Les cours du pétrole ont connu une hausse spectaculaire de 3,29 % ce lundi 11 mai 2026, atteignant 104,62 dollars le baril de Brent. Ce rebond est survenu suite au rejet catégorique par Donald Trump de la réponse iranienne aux propositions américaines visant à mettre un terme à la guerre.
"Je viens de lire la réponse des soi-disant 'représentants' de l’Iran. Je ne l’aime pas — C’EST TOTALEMENT INACCEPTABLE !" a écrit le président américain dimanche soir sur son réseau Truth Social, exprimant ainsi son mécontentement.
Avant même l’ouverture des marchés asiatiques, les prix du pétrole ont donc bondi, le baril de Brent touchant 104,62 dollars vers 2 h 20, alors que les espoirs d’une réouverture rapide du détroit d'Ormuz, point névralgique du transport maritime, s’éloignaient. Ce détroit, bloqué par l’Iran depuis le début des hostilités le 28 février, représente habituellement un cinquième de l’or noir consommé mondialement.
Après plus d’un mois de tensions, les perspectives de résolution du conflit semblent floues, les parties impliquées n’ayant pas partagé publiquement leurs propositions. L’Iran a informé dimanche avoir réagi à l’initiative américaine, sans fournir davantage de détails. La télévision publique iranienne a simplement mentionné que la réponse de Téhéran était "axée sur la fin de la guerre [...] sur tous les fronts, en particulier au Liban, et sur la garantie de la sécurité de la navigation maritime".
Réouverture du détroit d’Ormuz
Selon le Wall Street Journal, des sources proches du dossier affirment que la proposition de Téhéran inclut une réouverture progressive du détroit d’Ormuz, conjuguée à la levée du blocus imposé par la marine américaine sur les ports iraniens.
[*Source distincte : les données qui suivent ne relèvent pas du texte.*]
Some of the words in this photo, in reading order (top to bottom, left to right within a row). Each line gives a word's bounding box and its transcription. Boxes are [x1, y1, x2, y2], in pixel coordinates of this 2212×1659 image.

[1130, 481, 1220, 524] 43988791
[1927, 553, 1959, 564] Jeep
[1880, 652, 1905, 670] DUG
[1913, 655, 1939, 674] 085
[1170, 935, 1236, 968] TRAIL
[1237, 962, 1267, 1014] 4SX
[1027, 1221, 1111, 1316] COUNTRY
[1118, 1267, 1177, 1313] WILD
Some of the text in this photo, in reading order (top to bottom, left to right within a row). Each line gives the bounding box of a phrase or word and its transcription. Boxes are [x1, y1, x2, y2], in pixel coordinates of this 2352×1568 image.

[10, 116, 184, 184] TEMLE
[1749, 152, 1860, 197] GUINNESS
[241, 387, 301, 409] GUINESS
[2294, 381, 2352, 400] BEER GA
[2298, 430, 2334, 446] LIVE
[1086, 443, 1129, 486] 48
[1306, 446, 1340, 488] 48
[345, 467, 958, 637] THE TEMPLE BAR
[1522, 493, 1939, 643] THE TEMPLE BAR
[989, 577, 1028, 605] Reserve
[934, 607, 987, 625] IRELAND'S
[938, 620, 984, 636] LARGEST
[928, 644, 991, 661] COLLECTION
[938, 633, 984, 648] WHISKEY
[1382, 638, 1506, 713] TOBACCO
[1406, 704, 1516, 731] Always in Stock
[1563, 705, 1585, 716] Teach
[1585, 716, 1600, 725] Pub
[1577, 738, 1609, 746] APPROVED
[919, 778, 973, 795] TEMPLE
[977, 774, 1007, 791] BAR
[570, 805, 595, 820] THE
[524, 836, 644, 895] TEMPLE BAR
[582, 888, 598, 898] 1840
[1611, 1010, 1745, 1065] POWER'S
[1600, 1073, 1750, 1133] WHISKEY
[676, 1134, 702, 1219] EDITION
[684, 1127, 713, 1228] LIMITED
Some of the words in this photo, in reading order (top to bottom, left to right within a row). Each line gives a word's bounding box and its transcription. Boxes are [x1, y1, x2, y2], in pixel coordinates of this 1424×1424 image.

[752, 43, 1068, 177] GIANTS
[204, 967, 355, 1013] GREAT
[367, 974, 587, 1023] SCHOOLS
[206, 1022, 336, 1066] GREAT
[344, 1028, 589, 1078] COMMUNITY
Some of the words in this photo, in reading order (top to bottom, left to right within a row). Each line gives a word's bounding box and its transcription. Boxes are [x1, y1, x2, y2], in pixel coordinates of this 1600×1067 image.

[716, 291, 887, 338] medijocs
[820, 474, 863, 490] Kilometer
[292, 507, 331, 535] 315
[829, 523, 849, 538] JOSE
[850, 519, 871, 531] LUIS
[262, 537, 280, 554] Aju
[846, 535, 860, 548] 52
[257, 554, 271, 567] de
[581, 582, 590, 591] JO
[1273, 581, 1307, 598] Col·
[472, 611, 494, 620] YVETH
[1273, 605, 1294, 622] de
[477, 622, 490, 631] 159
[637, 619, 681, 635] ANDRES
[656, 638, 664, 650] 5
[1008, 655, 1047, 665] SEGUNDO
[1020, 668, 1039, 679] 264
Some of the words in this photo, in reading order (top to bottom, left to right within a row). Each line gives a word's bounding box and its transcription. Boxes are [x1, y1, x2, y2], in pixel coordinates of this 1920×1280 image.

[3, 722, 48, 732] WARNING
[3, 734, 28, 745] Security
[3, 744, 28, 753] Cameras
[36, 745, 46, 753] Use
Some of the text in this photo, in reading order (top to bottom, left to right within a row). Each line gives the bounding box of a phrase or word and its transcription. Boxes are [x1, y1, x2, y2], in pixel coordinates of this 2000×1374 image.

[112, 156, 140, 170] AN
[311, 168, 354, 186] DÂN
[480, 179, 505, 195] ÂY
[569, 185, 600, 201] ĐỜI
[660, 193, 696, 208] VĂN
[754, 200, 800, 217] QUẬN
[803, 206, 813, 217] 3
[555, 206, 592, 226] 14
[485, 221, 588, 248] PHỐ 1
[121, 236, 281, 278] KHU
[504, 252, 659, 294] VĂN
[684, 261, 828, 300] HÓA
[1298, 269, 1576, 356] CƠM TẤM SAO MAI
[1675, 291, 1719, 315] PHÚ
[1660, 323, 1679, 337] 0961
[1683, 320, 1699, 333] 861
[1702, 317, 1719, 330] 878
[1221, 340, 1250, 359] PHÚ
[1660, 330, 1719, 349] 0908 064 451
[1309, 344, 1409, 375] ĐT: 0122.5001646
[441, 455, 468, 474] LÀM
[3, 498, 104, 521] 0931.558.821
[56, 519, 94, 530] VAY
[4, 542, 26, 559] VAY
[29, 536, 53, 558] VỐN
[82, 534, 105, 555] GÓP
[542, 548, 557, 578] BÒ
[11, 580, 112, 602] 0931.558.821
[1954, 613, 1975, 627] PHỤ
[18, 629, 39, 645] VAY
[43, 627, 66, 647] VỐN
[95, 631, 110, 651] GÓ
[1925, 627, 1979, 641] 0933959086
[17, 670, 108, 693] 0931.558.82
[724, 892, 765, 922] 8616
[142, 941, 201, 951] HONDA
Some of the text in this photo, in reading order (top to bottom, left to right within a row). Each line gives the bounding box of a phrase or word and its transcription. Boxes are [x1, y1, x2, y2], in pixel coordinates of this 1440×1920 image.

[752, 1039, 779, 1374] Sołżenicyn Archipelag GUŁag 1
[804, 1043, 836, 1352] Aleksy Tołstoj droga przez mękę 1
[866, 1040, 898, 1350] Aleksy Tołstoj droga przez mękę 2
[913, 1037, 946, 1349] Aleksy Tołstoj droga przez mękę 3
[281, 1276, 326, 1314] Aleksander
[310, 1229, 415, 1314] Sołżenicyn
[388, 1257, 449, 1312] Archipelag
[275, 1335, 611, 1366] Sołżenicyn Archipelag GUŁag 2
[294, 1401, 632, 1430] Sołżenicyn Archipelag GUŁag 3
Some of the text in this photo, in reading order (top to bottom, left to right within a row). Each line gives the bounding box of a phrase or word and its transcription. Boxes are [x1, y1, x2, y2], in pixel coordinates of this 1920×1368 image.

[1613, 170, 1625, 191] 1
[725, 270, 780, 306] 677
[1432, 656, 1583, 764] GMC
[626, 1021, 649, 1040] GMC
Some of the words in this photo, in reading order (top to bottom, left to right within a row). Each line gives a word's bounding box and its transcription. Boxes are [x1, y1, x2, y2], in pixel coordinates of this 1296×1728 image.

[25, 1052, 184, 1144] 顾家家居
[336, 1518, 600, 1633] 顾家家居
Le quotidien américain ajoute que Téhéran se montrerait également disposé à "diluer" une partie de son uranium enrichi et à transférer le reste dans un "pays tiers". Cependant, Washington et d’autres nations soupçonnent l’Iran de vouloir acquérir des capacités nucléaires militaires, ce que Téhéran dément vigoureusement tout en affirmant son droit à une utilisation civile du nucléaire.
"Il reste encore des matières nucléaires – de l’uranium enrichi – qui doivent être retirées d’Iran" a déclaré dimanche Benjamin Netanyahu, Premier ministre israélien, à la chaîne CBS. Il a également exprimé l’espoir d’un changement de régime à Téhéran, qui pourrait entraîner l’effondrement de ses groupes affiliés comme les Houthis au Yémen, le Hamas à Gaza et le Hezbollah au Liban. "Est-ce possible ? Oui. Est-ce certain ? Non", a-t-il ajouté, précisant que l'Iran continue de soutenir des entités cherchant à développer des missiles balistiques.
La guerre, ayant causé des milliers de morts principalement en Iran et au Liban, "a permis d’accomplir beaucoup de choses, mais elle n’est pas finie", a prévenu Netanyahu, soulignant la complexité et la gravité de la situation actuelle.